**Exercise:** Can you transcribe every entry word for word, skipping the images?

*** Information shown Section Begins ***

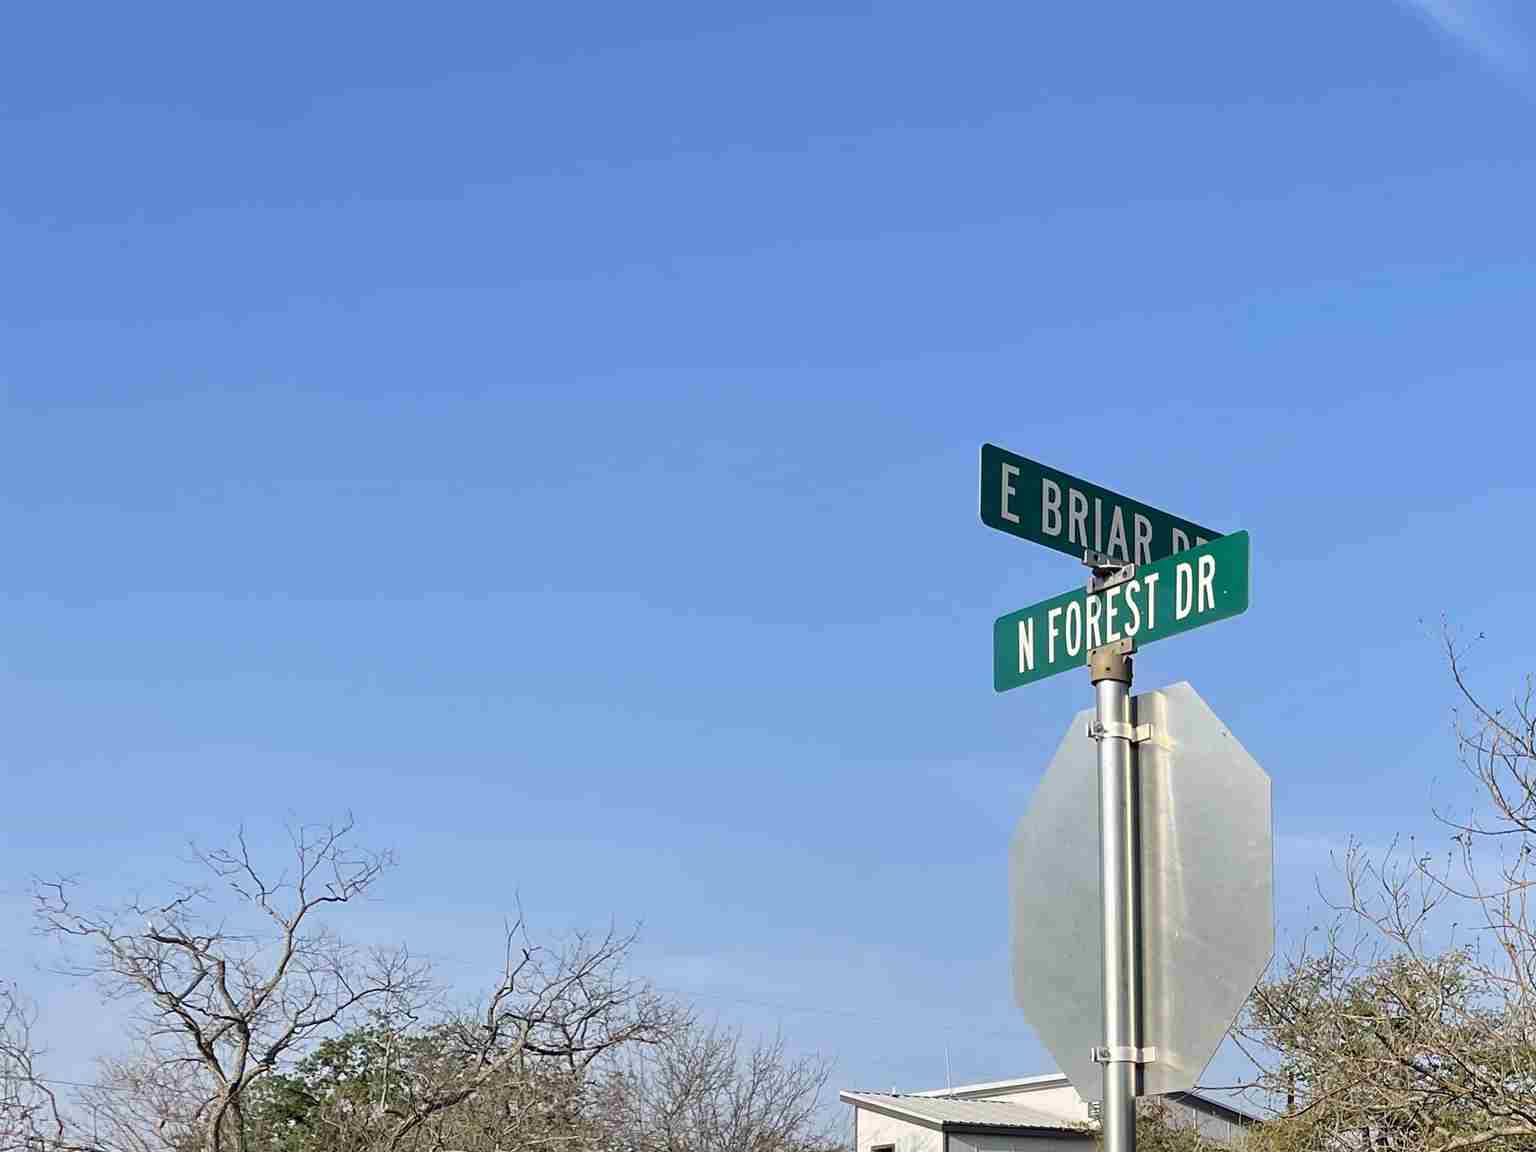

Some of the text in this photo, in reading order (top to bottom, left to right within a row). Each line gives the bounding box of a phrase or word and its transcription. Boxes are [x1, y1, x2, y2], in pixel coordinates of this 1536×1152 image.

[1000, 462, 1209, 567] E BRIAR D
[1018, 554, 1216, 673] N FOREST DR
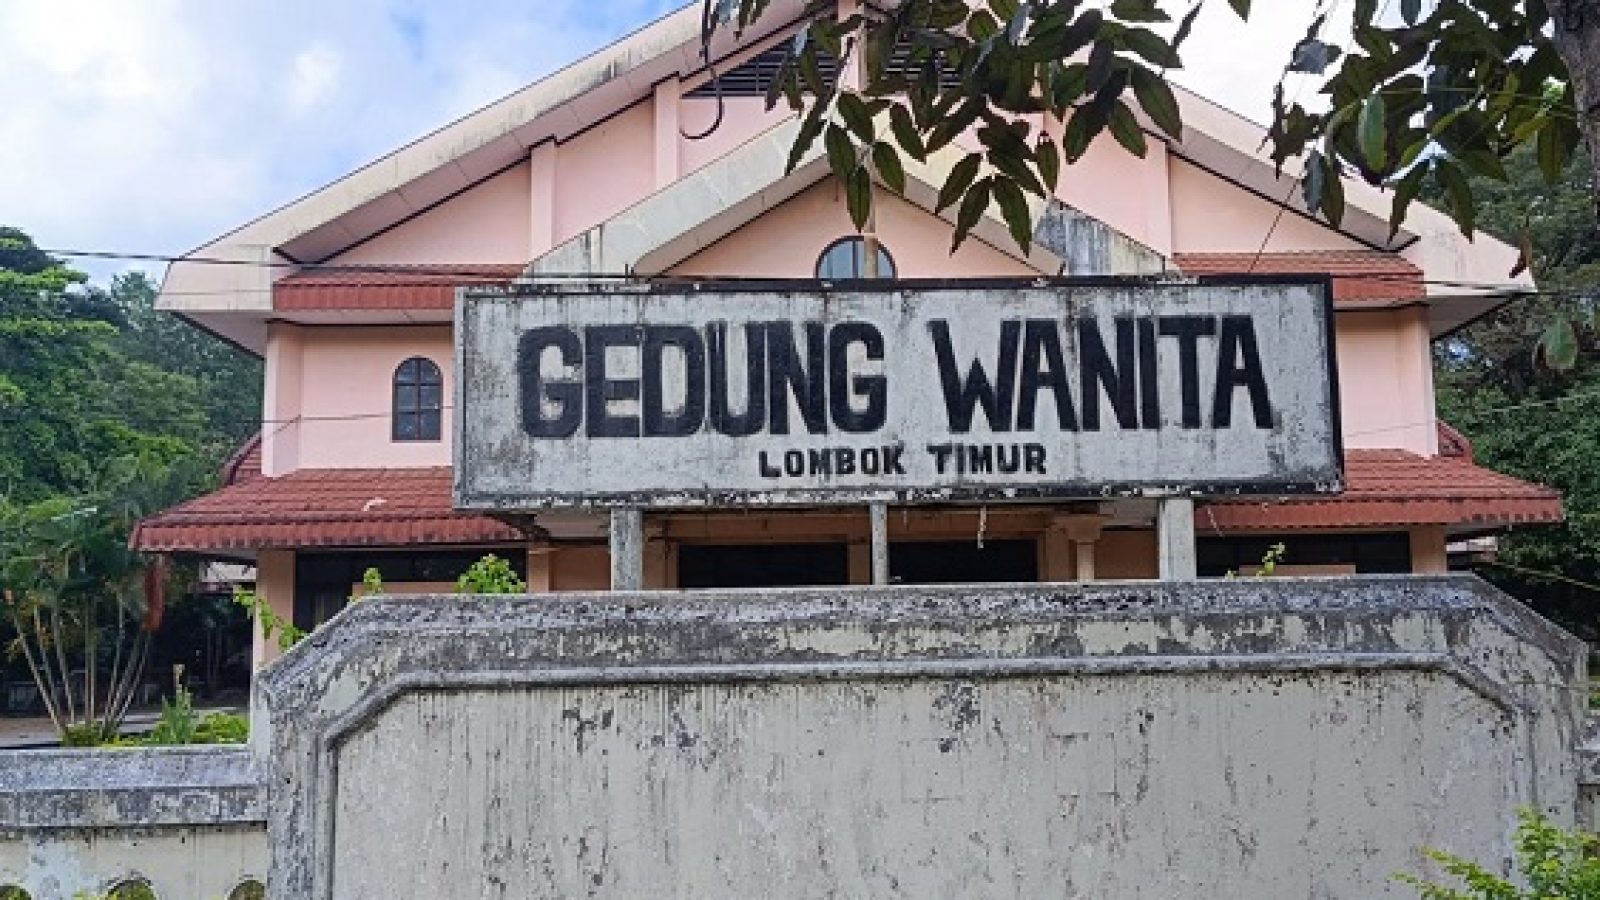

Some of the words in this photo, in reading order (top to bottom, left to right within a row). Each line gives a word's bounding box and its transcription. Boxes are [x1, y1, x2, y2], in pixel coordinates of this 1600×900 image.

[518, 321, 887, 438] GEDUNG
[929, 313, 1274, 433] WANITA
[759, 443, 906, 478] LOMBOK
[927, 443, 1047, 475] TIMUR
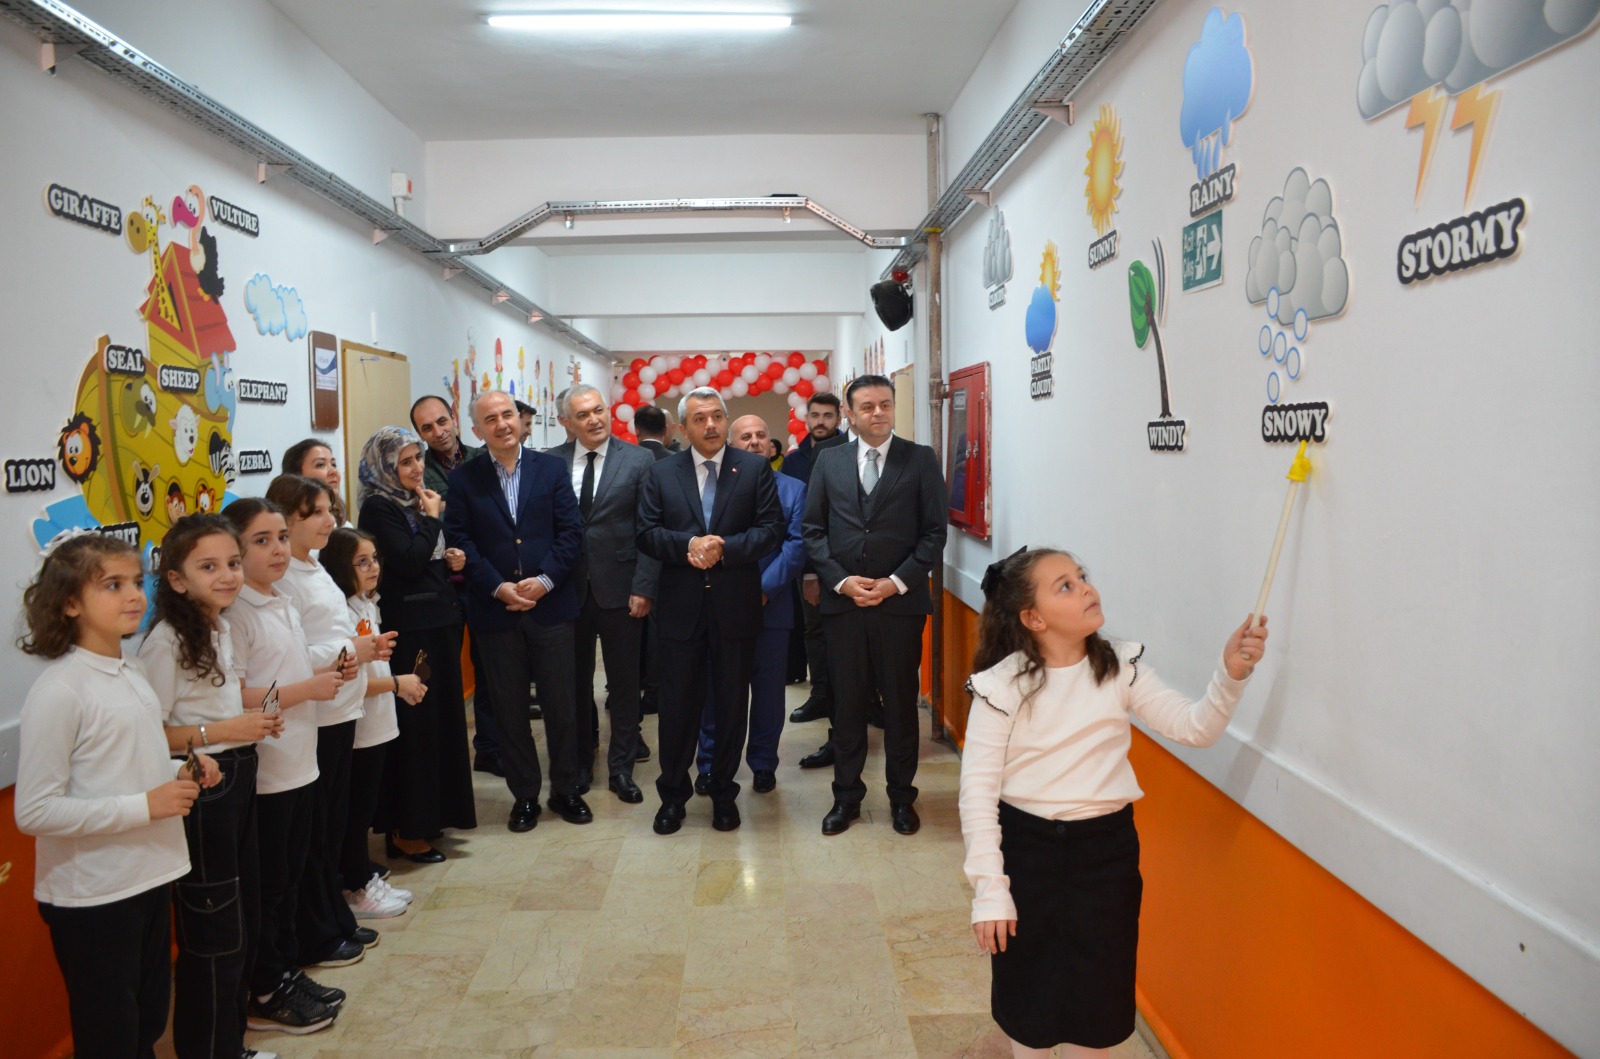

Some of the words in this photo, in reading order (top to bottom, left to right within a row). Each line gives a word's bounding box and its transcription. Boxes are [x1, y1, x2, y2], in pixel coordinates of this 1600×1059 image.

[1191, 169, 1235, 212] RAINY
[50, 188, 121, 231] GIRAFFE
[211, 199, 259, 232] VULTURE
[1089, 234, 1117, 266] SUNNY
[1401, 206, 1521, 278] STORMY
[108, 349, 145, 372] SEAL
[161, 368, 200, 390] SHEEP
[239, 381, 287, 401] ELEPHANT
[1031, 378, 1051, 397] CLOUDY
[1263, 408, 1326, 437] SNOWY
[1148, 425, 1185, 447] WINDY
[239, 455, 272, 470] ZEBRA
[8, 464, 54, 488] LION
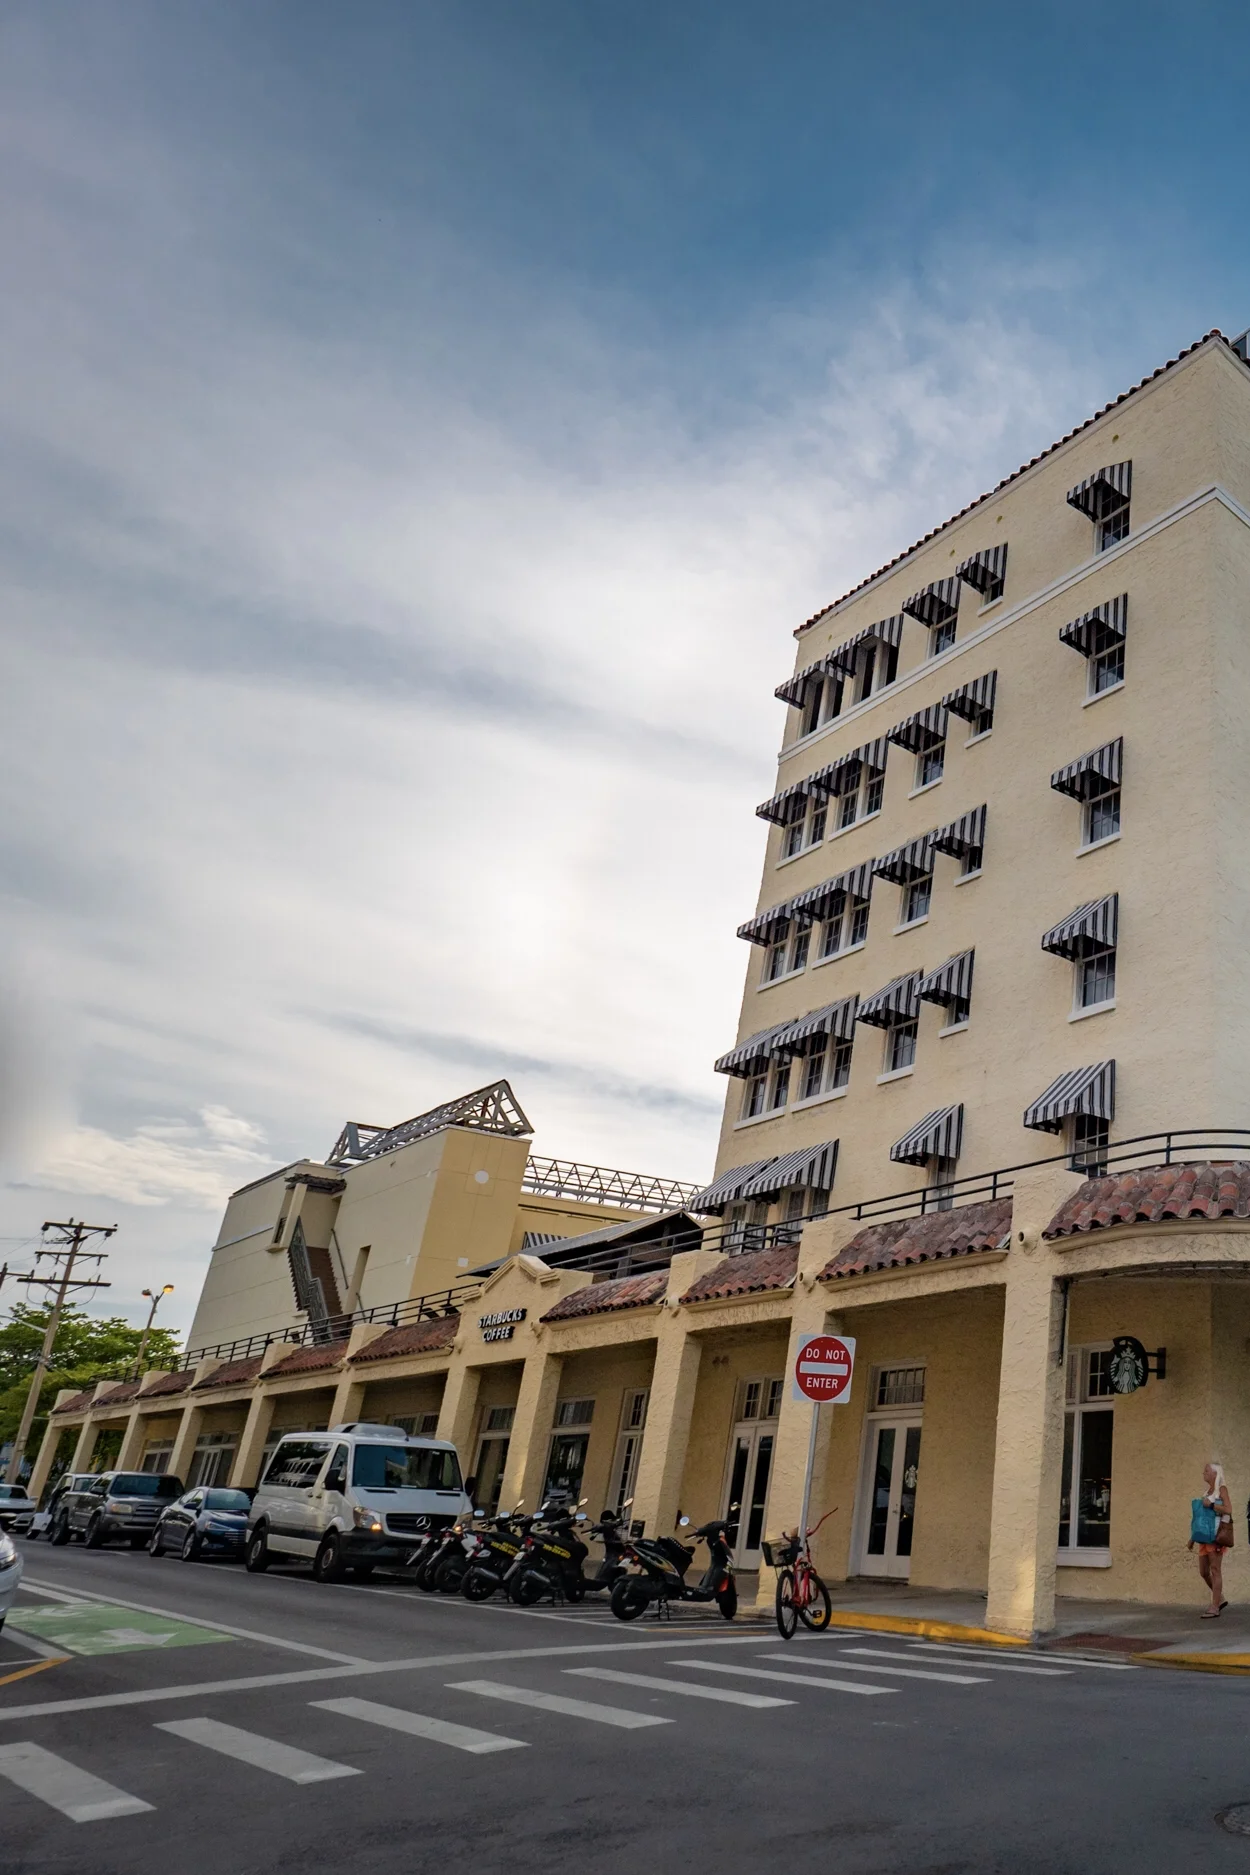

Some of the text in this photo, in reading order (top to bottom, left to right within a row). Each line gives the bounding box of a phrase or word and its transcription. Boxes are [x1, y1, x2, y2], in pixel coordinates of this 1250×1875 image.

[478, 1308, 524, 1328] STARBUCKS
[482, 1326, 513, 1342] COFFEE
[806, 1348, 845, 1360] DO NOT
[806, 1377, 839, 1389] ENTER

*** Information shown Section Ends ***

**Exercise answer:**
Some of the text in this photo, in reading order (top to bottom, left to right within a row). Each line gives the bounding box of a phrase or word and its transcription. Boxes are [x1, y1, x2, y2], in pixel coordinates of this 1536×1152 image.

[1000, 462, 1209, 567] E BRIAR D
[1018, 554, 1216, 673] N FOREST DR

Some of the words in this photo, in reading order (top to bottom, left to right within a row). Each line gives a word's bounding box and its transcription. Boxes are [x1, y1, x2, y2], in pixel coordinates of this 1600×900 image.

[518, 321, 887, 438] GEDUNG
[929, 313, 1274, 433] WANITA
[759, 443, 906, 478] LOMBOK
[927, 443, 1047, 475] TIMUR

Some of the words in this photo, in reading order (top to bottom, left to right within a row). Each line gives a word's bounding box and its transcription. Boxes are [x1, y1, x2, y2], in pixel coordinates of this 1600×1059 image.

[1191, 169, 1235, 212] RAINY
[50, 188, 121, 231] GIRAFFE
[211, 199, 259, 232] VULTURE
[1089, 234, 1117, 266] SUNNY
[1401, 206, 1521, 278] STORMY
[108, 349, 145, 372] SEAL
[161, 368, 200, 390] SHEEP
[239, 381, 287, 401] ELEPHANT
[1031, 378, 1051, 397] CLOUDY
[1263, 408, 1326, 437] SNOWY
[1148, 425, 1185, 447] WINDY
[239, 455, 272, 470] ZEBRA
[8, 464, 54, 488] LION

Some of the text in this photo, in reading order (top to bottom, left to right within a row). Each line gives the bounding box of a phrase or word and its transcription. Boxes are [x1, y1, x2, y2], in pixel coordinates of this 1250×1875 image.

[478, 1308, 524, 1328] STARBUCKS
[482, 1326, 513, 1342] COFFEE
[806, 1348, 845, 1360] DO NOT
[806, 1377, 839, 1389] ENTER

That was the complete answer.